County Histories: School Records

Samuel C. Dimick’s biographical sketch mentioned that “after attending the district schools of Lyme, [he] entered the high school of Orford, N. H., where he completed his education.” I set out to learn more about the school in Orford and what that experience may have entailed.

I found a description of the school in a county-history-style book about Grafton County, New Hampshire. This entry describes it as a boarding school.

Hamilton Child, editor, Gazetteer of Grafton County, New Hampshire, 1709-1886 (Syracuse, NY: Syracuse Journal Company Printers, 1886), page 240 (page 1052 on digital copy); digital images, FamilySearch Books (https://books.familysearch.org).

I did some more digging around on the internet and came across a bit of ephemera someone had digitized and posted online. The image is of what looks like a flyer or pamphlet describing the rules of the school. (The image is a partial scan and part of it is blurry, but we can get the idea of the rules and regulations from this portion.)

“Academy Structure and Regulations,” Encountering History Along the Cross Rivendell Trail (rivendelltrailshistory.org : dowloaded August 2015).

To quote parts:

“Any person of good moral character may become a member of this Academy…

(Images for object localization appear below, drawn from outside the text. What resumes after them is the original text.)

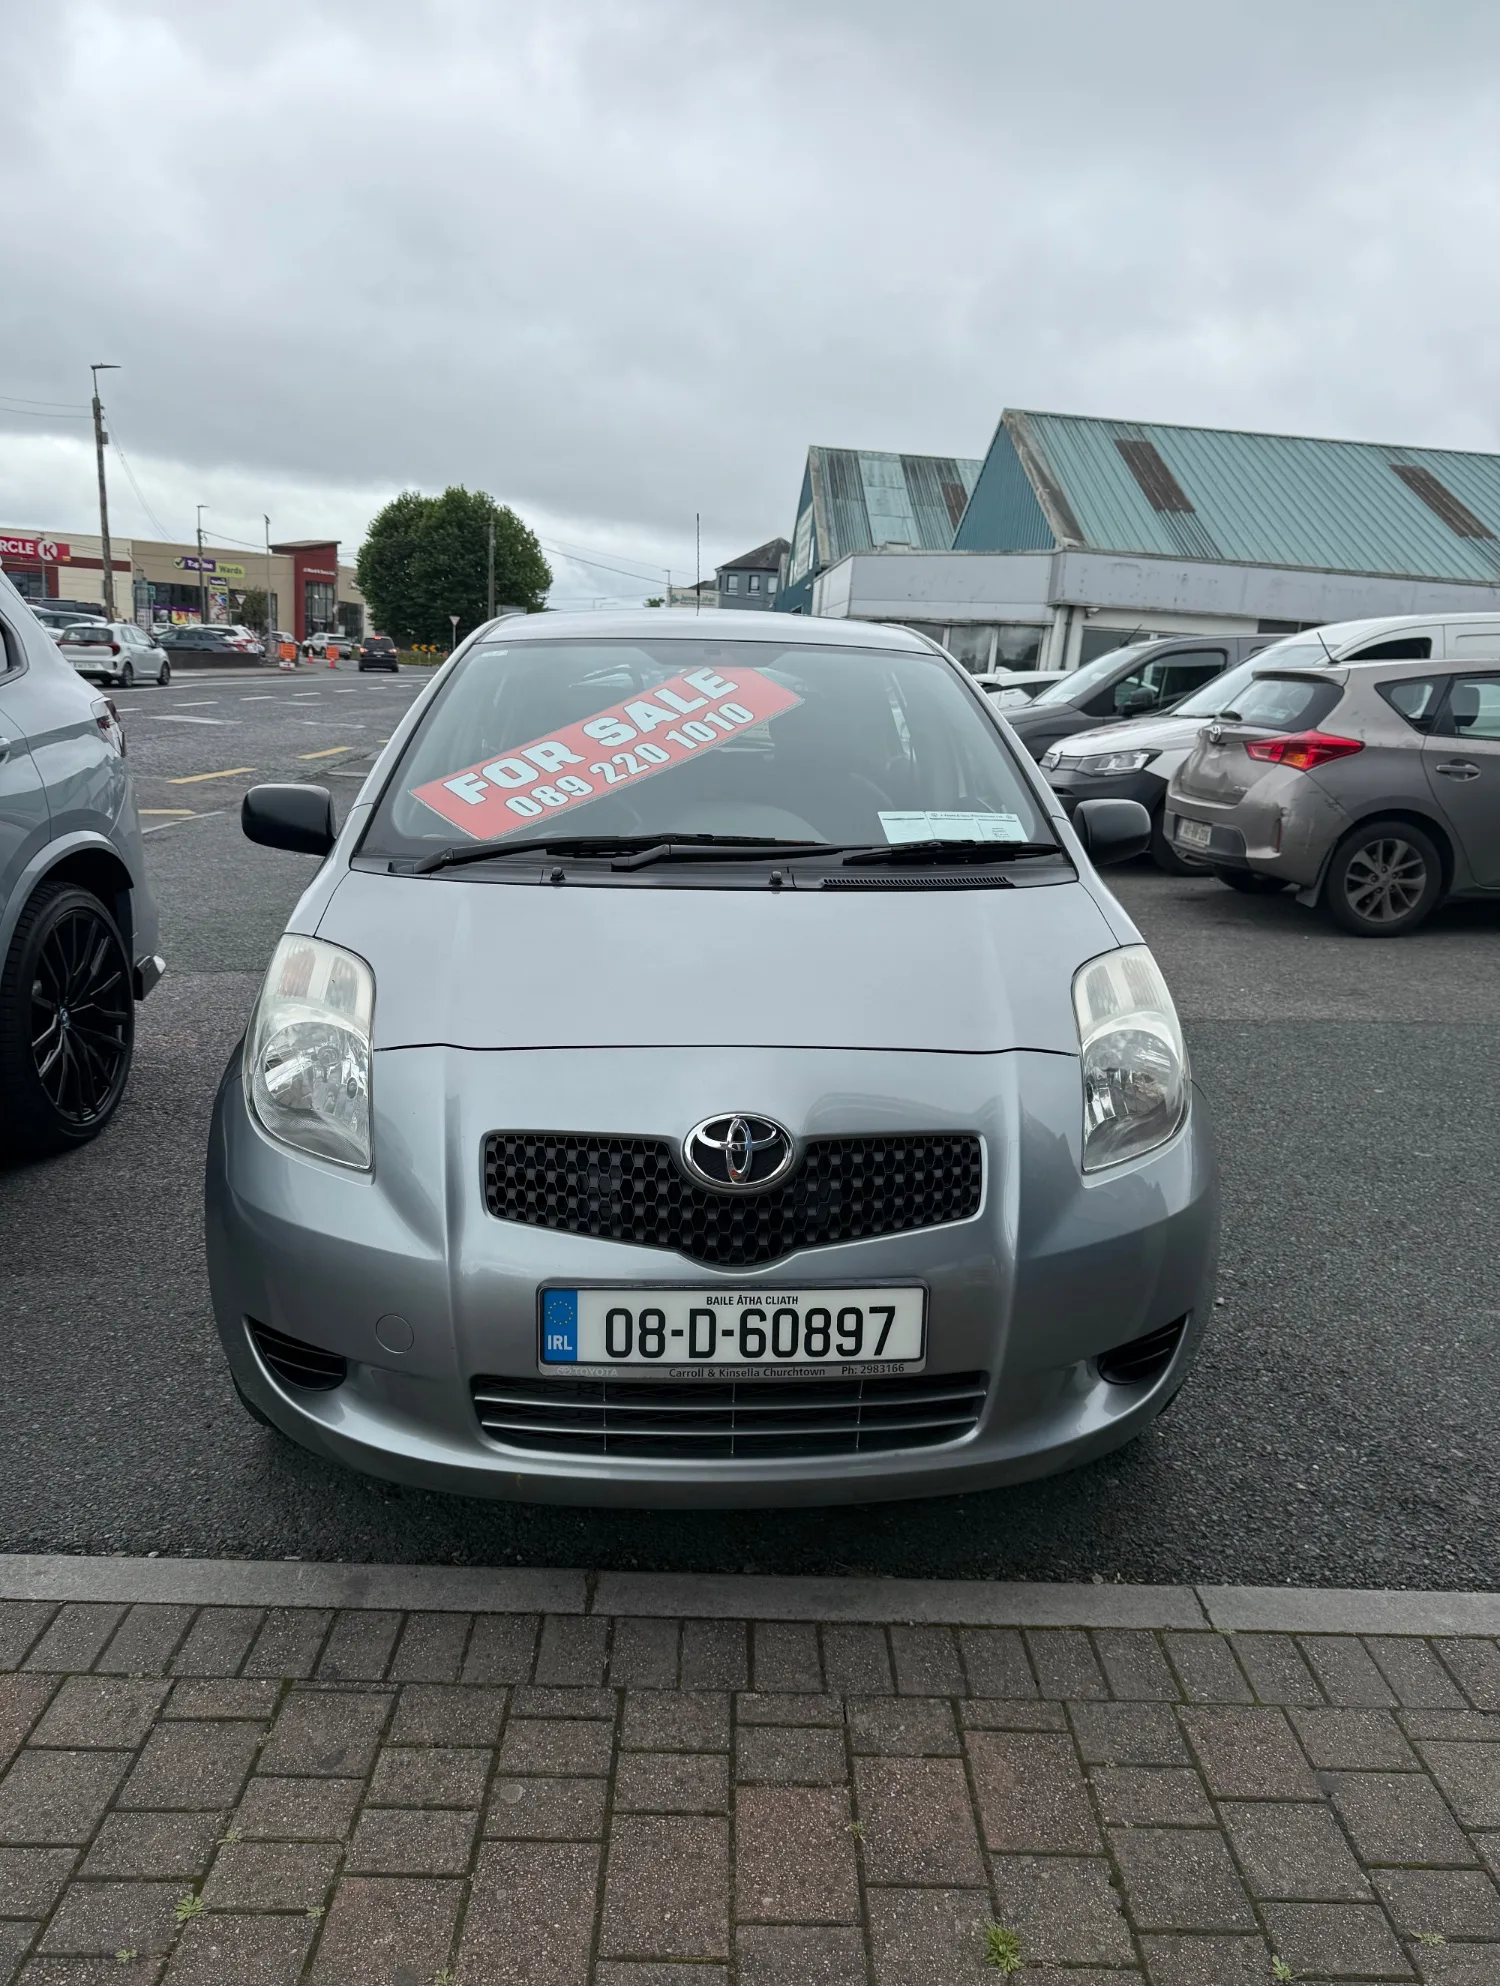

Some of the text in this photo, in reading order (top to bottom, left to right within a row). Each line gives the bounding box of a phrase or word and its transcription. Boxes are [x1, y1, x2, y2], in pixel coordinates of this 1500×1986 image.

[43, 543, 57, 560] K
[219, 565, 243, 574] Wards
[442, 667, 739, 805] FOR SALE
[504, 702, 755, 817] 089 220 1010
[706, 1296, 734, 1306] BAILE
[765, 1295, 799, 1305] CLIATH
[605, 1306, 896, 1359] 08-D-60897
[547, 1335, 573, 1351] IRL
[573, 1367, 619, 1377] TOYOTA
[669, 1363, 905, 1378] Carroll & Kinsella Churchtown Ph: 2983166
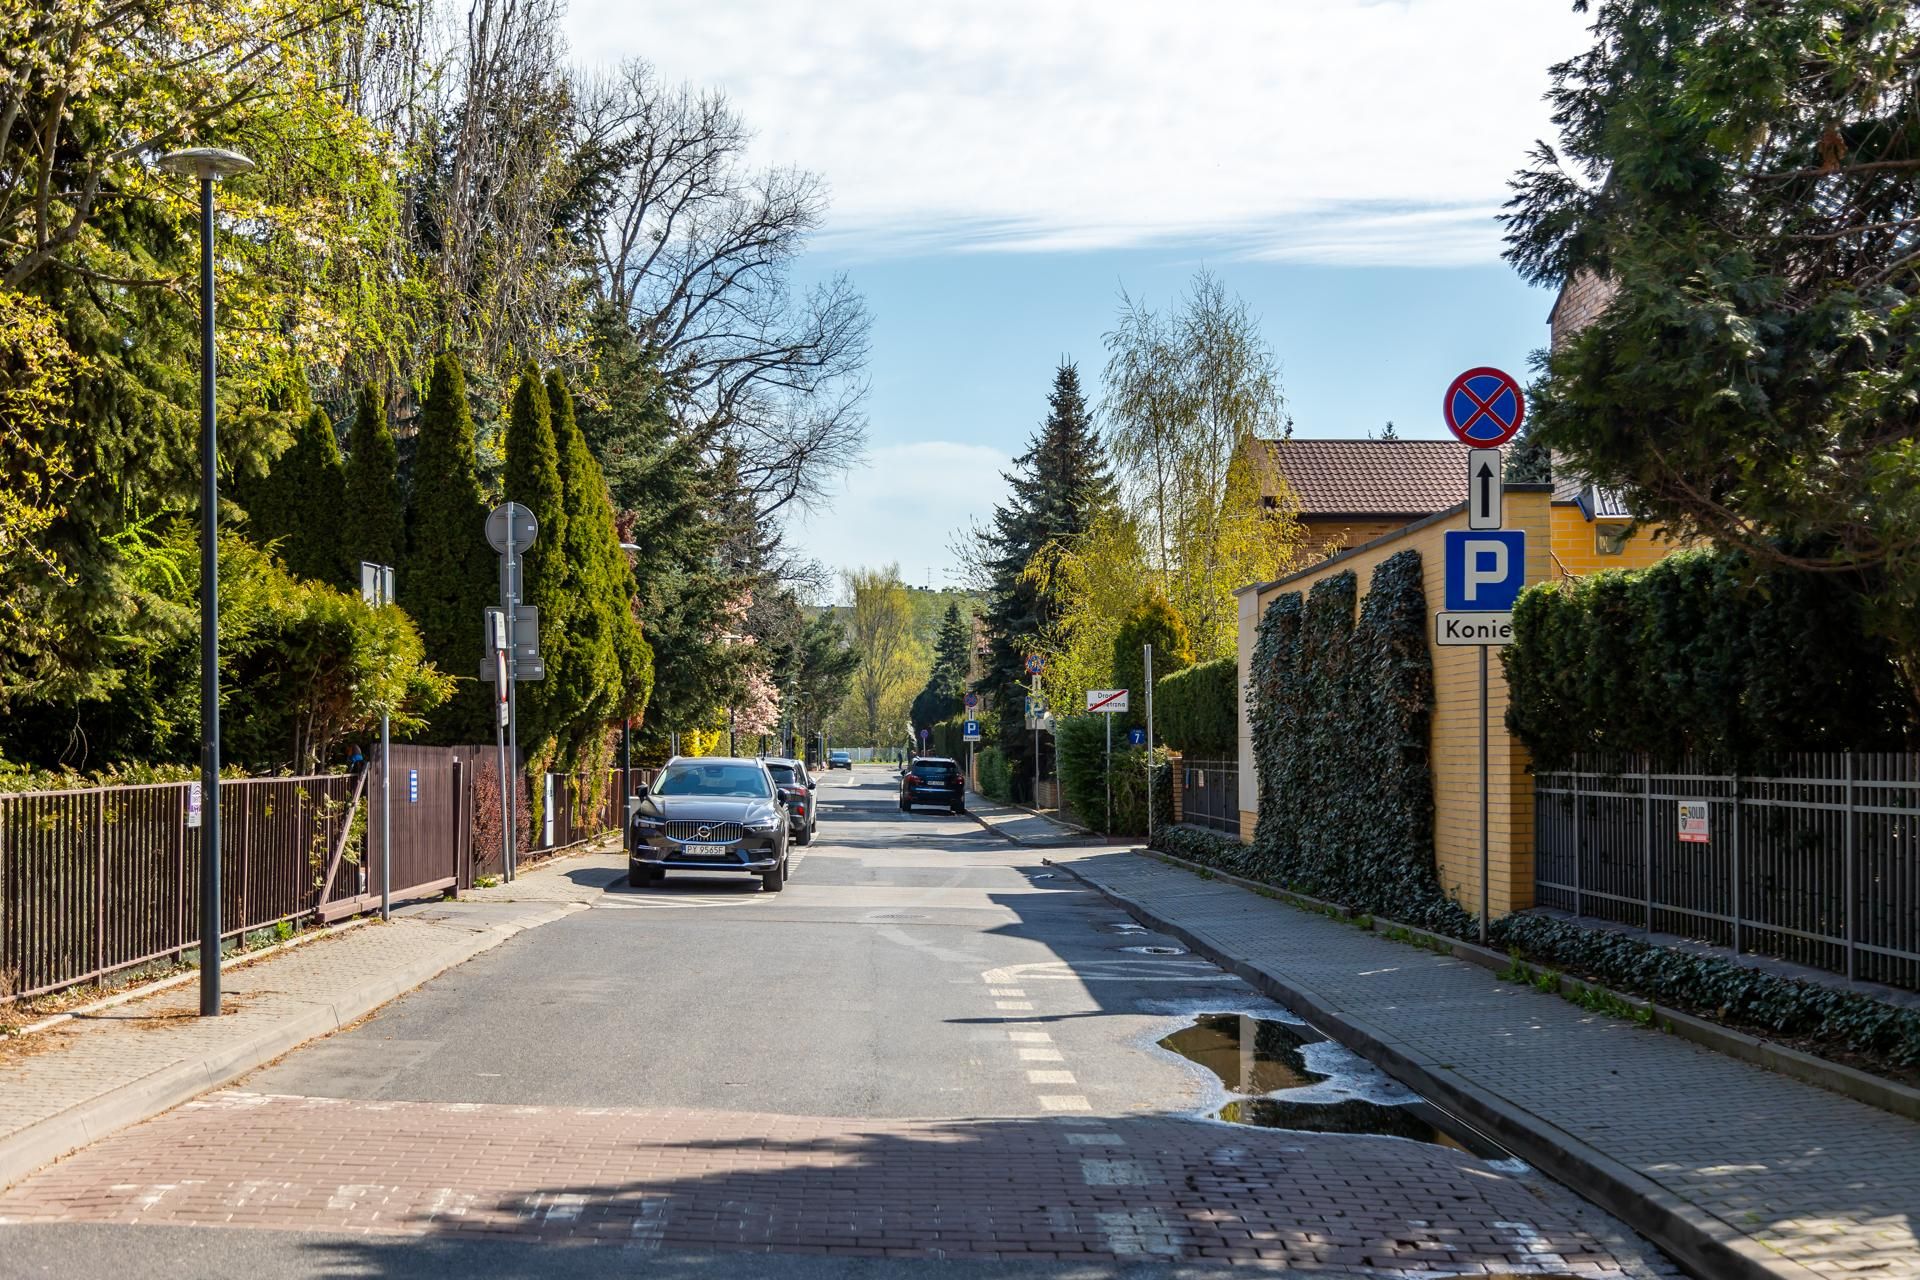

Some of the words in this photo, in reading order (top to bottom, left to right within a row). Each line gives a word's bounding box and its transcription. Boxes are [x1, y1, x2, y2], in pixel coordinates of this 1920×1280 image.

[1464, 540, 1508, 601] P
[1446, 620, 1512, 638] Konie
[968, 722, 976, 734] P
[1135, 733, 1140, 743] 7
[1688, 806, 1705, 819] SOLID

“Tuition will be required in advance…

“Every student is required to spend such portions of the day in study, recitations, religious and other exercises as may be designated by the Principal.

“Every student is required to be at his own room during study hours and to conduct himself at all times with propriety.

“Neatness is required of all, both in their own and in the rooms of the Academy.

“The use of profane or indecent language, insult, or abuse of others, card and dice playing, are strictly prohibited.”

I was unable to locate any individual school records that might include the registration, grades, classes, etc. that Samuel may have taken but this find at least gives me a bit of insight into the character and upbringing of S. C. Dimick.

1 thought on “County Histories: School Records

  1. I love a good find like the Oxford School! Reading the rules and classes outlined for students back then is really amazing.